In the Nature piece, Hugenholtz and Tyson go on to cite the emergence of next generation sequencing technologies that are already creating a deluge of data that has outstripped the computational power available to cope with it.

“Nevertheless, it’s not necessary to compare all the data to glean useful biological insights,” Hugenholtz said. “What we can capture will help steer the direction toward a relevant data subset to investigate.
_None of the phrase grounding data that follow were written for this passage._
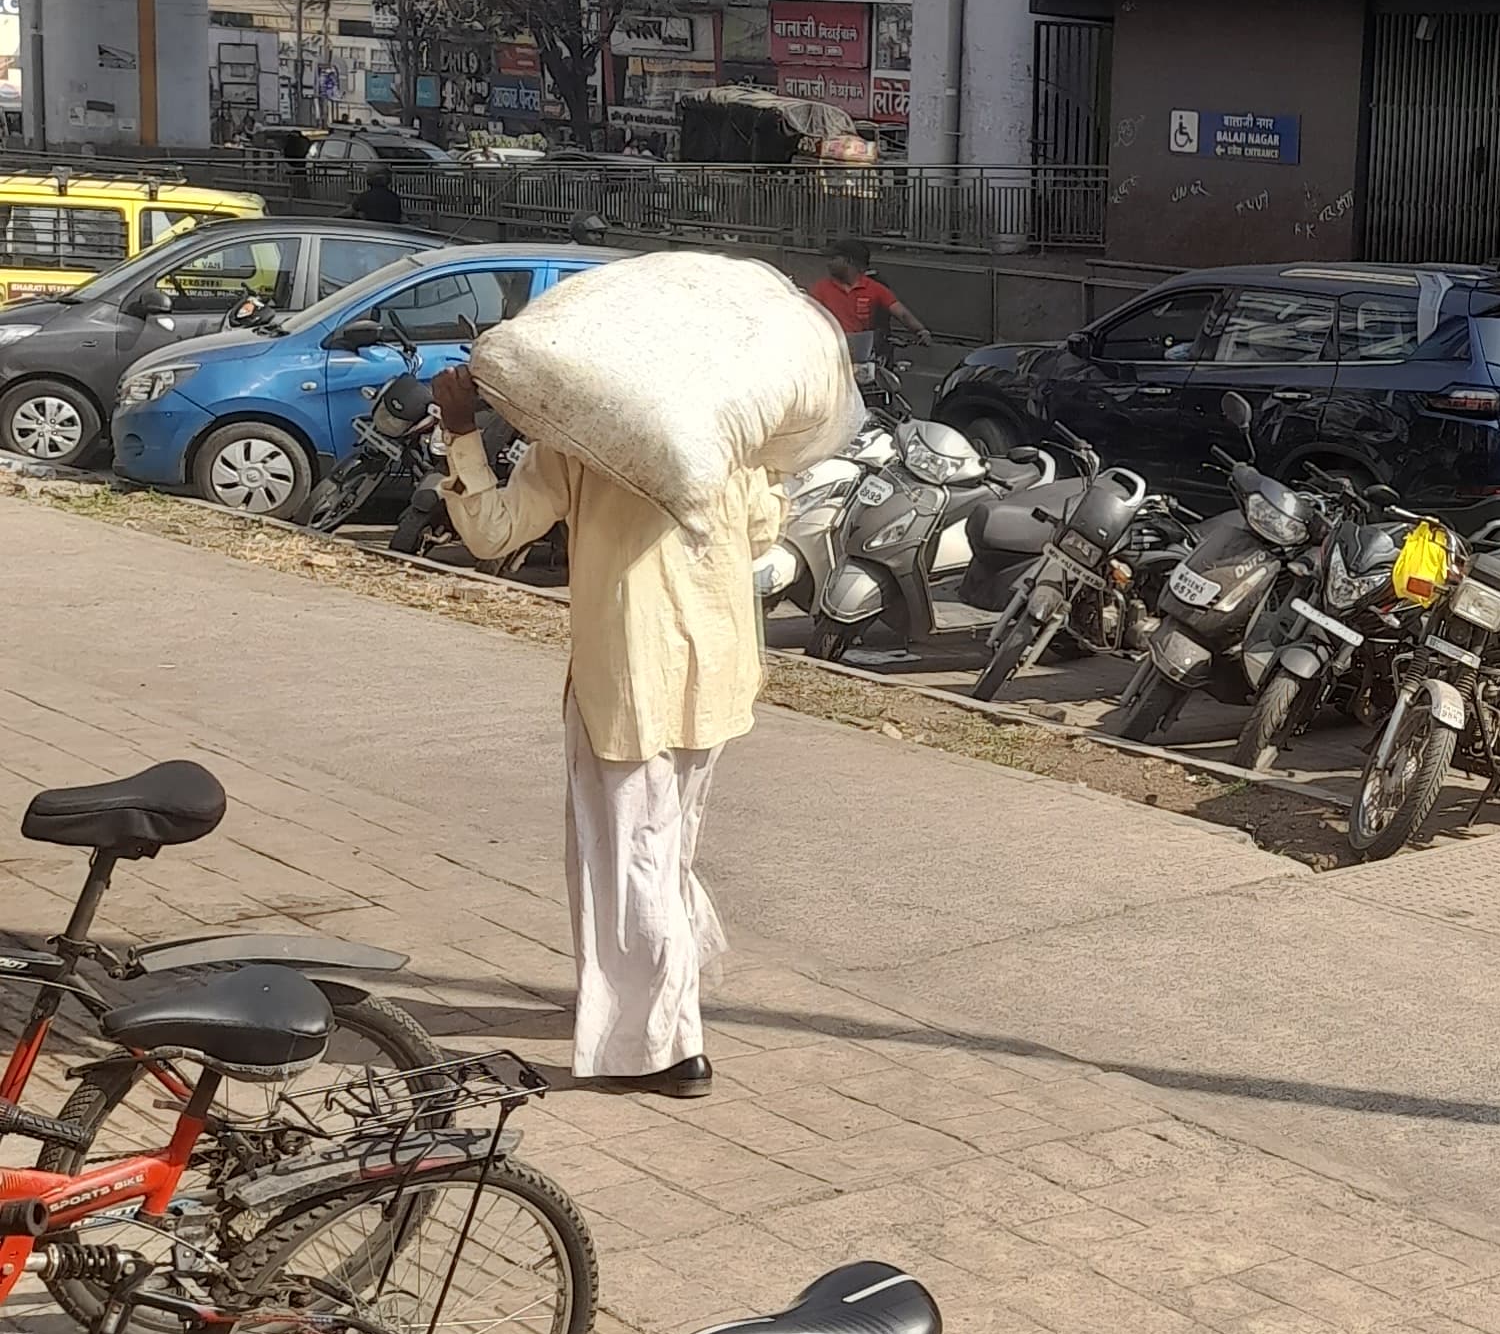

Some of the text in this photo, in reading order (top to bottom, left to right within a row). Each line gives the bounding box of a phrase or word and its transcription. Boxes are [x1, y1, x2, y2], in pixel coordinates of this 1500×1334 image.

[773, 15, 816, 38] बालाजी
[785, 73, 826, 98] बालाजी
[1223, 112, 1275, 130] बालाजी नगर
[1216, 130, 1280, 147] BALAJI NAGAR
[50, 1173, 146, 1213] SPORTS BIKE
At least with metagenomics, we have the environmental genetic blueprints awaiting our interpretation. We are still far from capturing and characterizing the dazzling diversity of the microbial life on earth—but at least we have hit upon the gold standard for scratching the surface.”

The U.S. Department of Energy Joint Genome Institute, supported by the DOE Office of Science, unites the expertise of five national laboratories—Lawrence Berkeley, Lawrence Livermore, Los Alamos, Oak Ridge, and Pacific Northwest—along with the Stanford Human Genome Center to advance genomics in support of the DOE missions related to clean energy generation and environmental characterization and cleanup. DOE JGI’s Walnut Creek, CA, Production Genomics Facility provides integrated high-throughput sequencing and computational analysis that enable systems-based scientific approaches to these challenges.

The Biological Data Management and Technology Center (BDMTC) at Lawrence Berkeley National Laboratory serves as a source of expertise in and provides support for data management and bioinformatics tool development projects for several organizations in the San Francisco Bay Area. The Center enables collaborating organizations to share experience, expertise, technology, and results across projects, employing industry practices in developing data management systems and bioinformatics tools, while maintaining academic high standards for the underlying data generation, interpretation, and analysis methods and algorithms.